Identification and characterization of a gas-phase complex of methylenecyclopropane and chlorine monofluoride by rotational spectroscopy

The rotational spectrum of a complex formed between methylenecyclopropane (mecp) and chlorine monofluoride was observed by using a fast-mixing nozzle in combination with a Balle-Flygare microwave spectrometer. Rotational constants A(0), B-0 and C-0, quartic centrifugal distortion constants Delta(J), Delta(JK), delta(J) and delta(K), and the components chi(aa), chi(bb)-chi(cc) and chi(ab) of the Cl nuclear quadrupole coupling tensor were evaluated for each of the isotopomers mecp ...(ClF)-Cl-35 and mecp ...(ClF)-Cl-37. Interpretations of the various spectroscopic constants demonstrated that the observed species is a Mulliken outer complex which may be described formally as of the b pi.a sigma type, i.e. with the electrophilic end Cldelta+ of ClF interacting weakly with the pi bond of mecp and with only minor electric charge redistribution within the ClF subunit.
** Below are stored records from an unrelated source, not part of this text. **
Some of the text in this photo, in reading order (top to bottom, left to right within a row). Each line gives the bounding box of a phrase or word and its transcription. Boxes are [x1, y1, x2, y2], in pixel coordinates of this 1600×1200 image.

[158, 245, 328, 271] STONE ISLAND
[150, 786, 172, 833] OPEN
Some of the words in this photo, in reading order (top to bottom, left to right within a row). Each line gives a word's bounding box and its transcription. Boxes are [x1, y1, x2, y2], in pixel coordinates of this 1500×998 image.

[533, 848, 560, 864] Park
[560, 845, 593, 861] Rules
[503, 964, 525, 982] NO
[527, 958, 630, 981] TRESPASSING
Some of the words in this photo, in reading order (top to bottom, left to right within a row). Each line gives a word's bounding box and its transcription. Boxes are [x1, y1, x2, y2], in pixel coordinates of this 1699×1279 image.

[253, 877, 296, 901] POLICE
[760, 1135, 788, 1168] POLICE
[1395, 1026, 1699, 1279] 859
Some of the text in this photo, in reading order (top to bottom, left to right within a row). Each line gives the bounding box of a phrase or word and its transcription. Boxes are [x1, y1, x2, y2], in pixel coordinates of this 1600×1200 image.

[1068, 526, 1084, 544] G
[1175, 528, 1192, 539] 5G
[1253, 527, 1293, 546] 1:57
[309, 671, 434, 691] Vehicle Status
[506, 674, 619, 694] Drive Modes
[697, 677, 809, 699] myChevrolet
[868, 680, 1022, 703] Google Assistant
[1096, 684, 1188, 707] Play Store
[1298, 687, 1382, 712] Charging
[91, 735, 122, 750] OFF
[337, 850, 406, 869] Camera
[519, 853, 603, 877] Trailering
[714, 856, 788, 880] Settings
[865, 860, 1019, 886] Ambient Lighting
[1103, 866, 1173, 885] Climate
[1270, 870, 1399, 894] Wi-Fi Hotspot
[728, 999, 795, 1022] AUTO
The geometry of the complex was established to be of C-s symmetry. The ClF molecule lies in the principal inertial plane ab, which is the molecular symmetry plane and is perpendicular to the plane of the four carbon atoms of mecp. The angle phi, subtended at the centre (*) of the pi bond by the unique carbon atom of the mecp ring and the Cl atom, is 92.5(5)degrees and the distance r(*... Cl)=2.675(10) Angstrom. The system *... Cl-F deviates from collinearity by 4.9(1)degrees. These properties of mecp ... ClF are discussed in the context of two different series of B ... ClF complexes. In the first, the molecules B are the prototype pi or pseudo-pi electron donors ethene, cyclopropane, allene, mecp and buta-1,3-diene. The molecules B in the second series are the three-membered rings (CH2)(2)Y, where Y is either one of the n-pair donors O or S or the pi donor C=CH2.